Activity
Please reproduce the entries in full. Keep every character the same.

Provided records
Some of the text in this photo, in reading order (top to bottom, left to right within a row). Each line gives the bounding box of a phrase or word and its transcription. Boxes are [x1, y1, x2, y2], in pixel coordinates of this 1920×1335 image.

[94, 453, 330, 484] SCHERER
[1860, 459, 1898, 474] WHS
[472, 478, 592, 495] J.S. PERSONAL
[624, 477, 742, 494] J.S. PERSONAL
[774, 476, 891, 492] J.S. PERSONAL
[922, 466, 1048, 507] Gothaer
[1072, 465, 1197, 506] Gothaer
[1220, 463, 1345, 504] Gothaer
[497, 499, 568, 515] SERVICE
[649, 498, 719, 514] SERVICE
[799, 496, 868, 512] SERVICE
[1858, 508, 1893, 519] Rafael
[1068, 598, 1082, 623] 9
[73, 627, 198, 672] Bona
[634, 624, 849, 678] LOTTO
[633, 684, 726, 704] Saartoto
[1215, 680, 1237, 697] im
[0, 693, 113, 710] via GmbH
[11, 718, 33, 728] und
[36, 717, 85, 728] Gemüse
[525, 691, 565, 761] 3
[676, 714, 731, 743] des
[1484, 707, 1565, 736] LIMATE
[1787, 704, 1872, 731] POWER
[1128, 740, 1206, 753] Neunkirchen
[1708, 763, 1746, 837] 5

Response to this exercise
Some of the text in this photo, in reading order (top to bottom, left to right within a row). Each line gives the bounding box of a phrase or word and its transcription. Boxes are [x1, y1, x2, y2], in pixel coordinates of this 1920×1335 image.

[94, 453, 330, 484] SCHERER
[1860, 459, 1898, 474] WHS
[472, 478, 592, 495] J.S. PERSONAL
[624, 477, 742, 494] J.S. PERSONAL
[774, 476, 891, 492] J.S. PERSONAL
[922, 466, 1048, 507] Gothaer
[1072, 465, 1197, 506] Gothaer
[1220, 463, 1345, 504] Gothaer
[497, 499, 568, 515] SERVICE
[649, 498, 719, 514] SERVICE
[799, 496, 868, 512] SERVICE
[1858, 508, 1893, 519] Rafael
[1068, 598, 1082, 623] 9
[73, 627, 198, 672] Bona
[634, 624, 849, 678] LOTTO
[633, 684, 726, 704] Saartoto
[1215, 680, 1237, 697] im
[0, 693, 113, 710] via GmbH
[11, 718, 33, 728] und
[36, 717, 85, 728] Gemüse
[525, 691, 565, 761] 3
[676, 714, 731, 743] des
[1484, 707, 1565, 736] LIMATE
[1787, 704, 1872, 731] POWER
[1128, 740, 1206, 753] Neunkirchen
[1708, 763, 1746, 837] 5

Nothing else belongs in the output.